Batch normalization’s stabilizing effect is helpful during training but unnecessary at inference time. Therefore, once the network is trained the population mean and variance are used for normalization, rather than the batch mean and variance. This means the networks output can depend only on the input, not also on other examples in the batch.

Application to RNNs¶

Batch normalization is difficult to apply to RNNs since it requires storing the batch statistics for every time step in the sequence. This can be problematic if a sequence input during inference is longer than those seen during training.

Coojimans et al. (2016) propose a variant of the LSTM that applies batch normalization to the hidden-to-hidden transitions.

Recurrent Batch Normalization, Coojimans et al. (2016)

Conditional batch normalization¶

The formula is exactly the same as normal batch normalization except $\gamma$ and $\beta$ are not learned parameters, but rather the outputs of functions.

Was used to achieve state of the art results on the CLEVR visual reasoning benchmark.

Learning Visual Reasoning Without Strong Priors, Perez et al. (2017)

Feature normalization¶

This class of normalizations refers to methods that transform the inputs to the model, as opposed to the activations within it.

Feature scaling¶

Scaling the inputs to the network with a linear transformation. Examples include min-max and z-score normalization.

Feature scaling is motivated by practical considerations in optimization.

Min-max normalization¶

Rescales the features so they have a specified minimum and maximum.

To rescale to between a and b:

$x_{ij} := \frac{(x_{ij} - min_j x_{ij})(b - a)}{max_j x_{ij} - min_j x_{ij}}$

When computing the min and max be sure to use only the training data, as opposed to calculating these statistics on the entire dataset.

Principal Component Analysis (PCA)¶

Decomposes a matrix $X \in \mathbb{R}^{n \times m}$ into a set of $k$ orthogonal vectors. The matrix $X$ represents a dataset with $n$ examples and $m$ features.

Method for PCA via eigendecomposition:

Center the data by subtracting the mean for each dimension.
Compute the covariance matrix on the centered data $C = (X^TX)/(n-1)$ .
Do eigendecomposition of the covariance matrix to get $C = Q \Lambda Q^*$ .
Take the k largest eigenvalues and their associated eigenvectors. These eigenvectors are the ‘principal components’.
Construct the new matrix from the principal components by multiplying the centered $X$ by the truncated $Q$ .

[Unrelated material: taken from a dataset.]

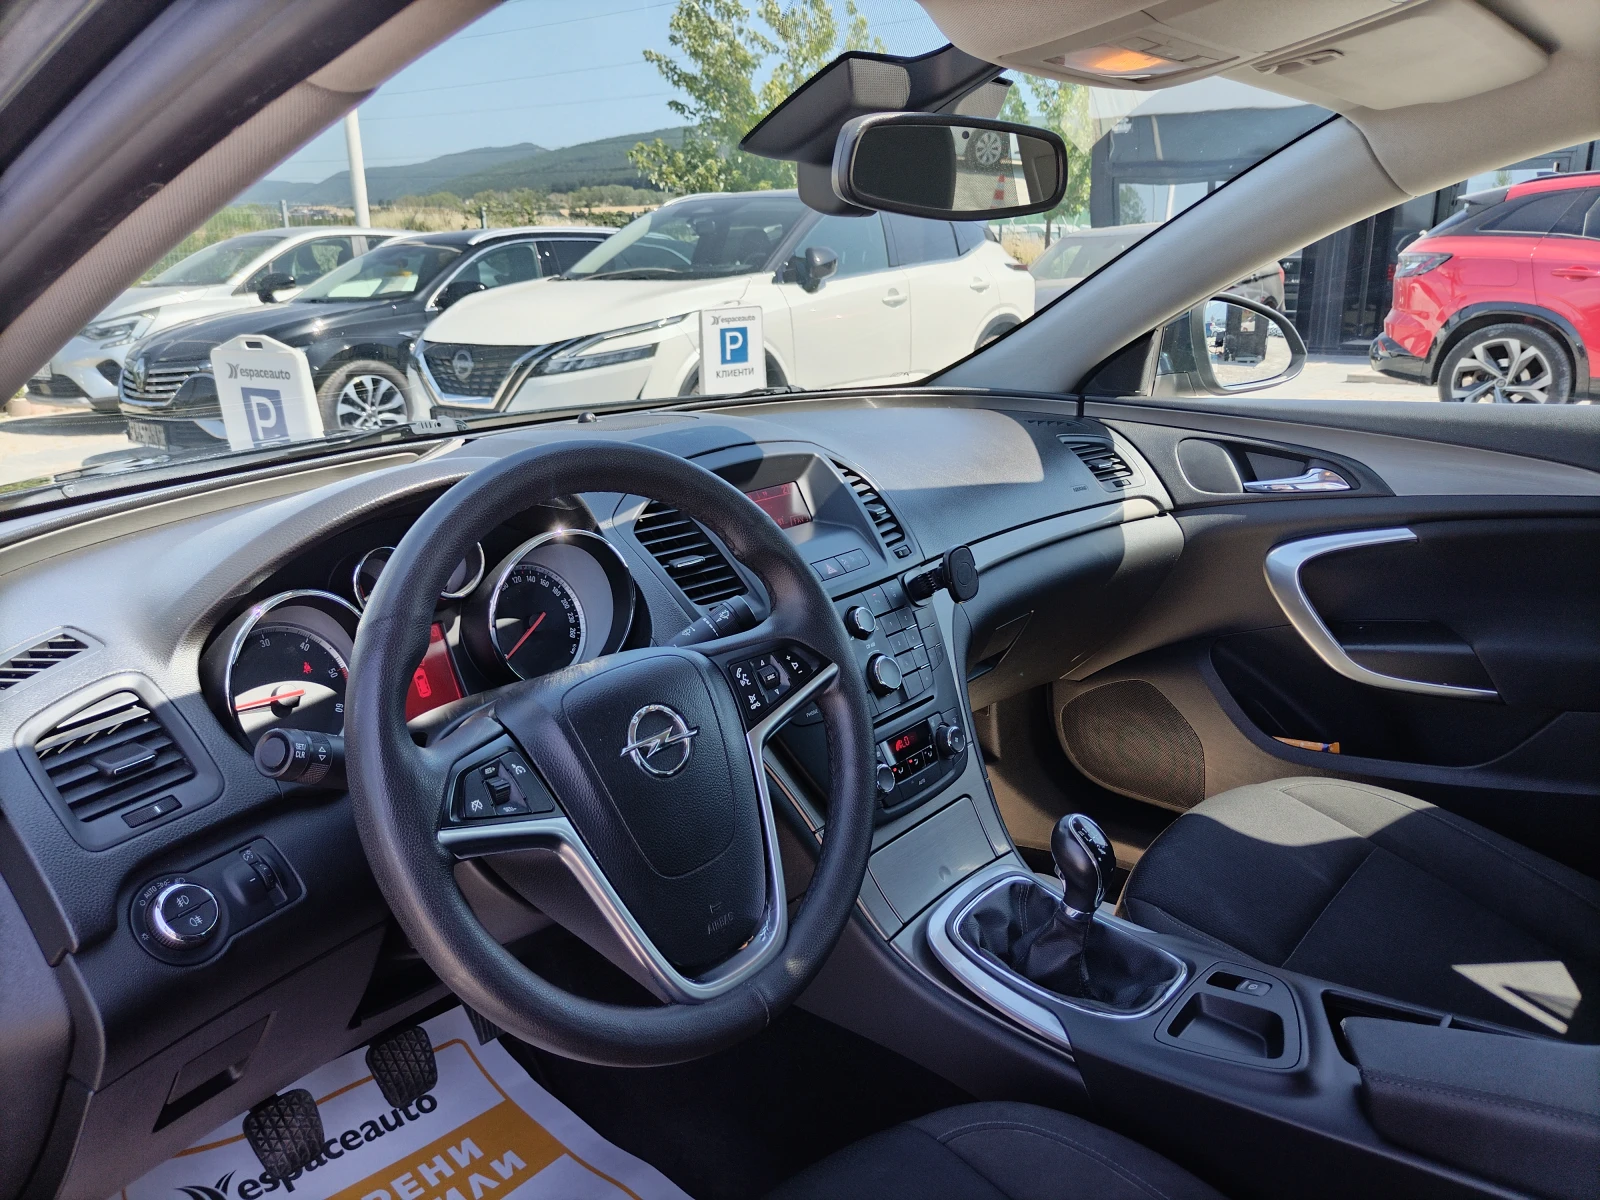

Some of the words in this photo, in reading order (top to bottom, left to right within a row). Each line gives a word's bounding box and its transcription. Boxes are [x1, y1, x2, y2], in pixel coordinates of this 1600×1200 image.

PCA can also be done via SVD.

Whitening¶

The process of transforming the inputs so that they have zero mean and a covariance matrix which is the identity. This means the features will be linearly uncorrelated with each other and have variances equal to 1.

Examples:

PCA
ZCA

ZCA¶

Like PCA, ZCA converts the data to have zero mean and an identity covariance matrix. Unlike PCA, it does not reduce the dimensionality of the data and tries to create a whitened version that is minimally different from the original.

Z-score normalization¶

The features are transformed by subtracting their mean and dividing by their standard deviation:

$x_{ij} := \frac{x_{ij} - \mu_i}{\sigma_i}$

where $x_{ij}$ is the jth instance of feature i and $\mu_i$ and $\sigma_i$ are the mean and standard deviation of feature x_i respectively.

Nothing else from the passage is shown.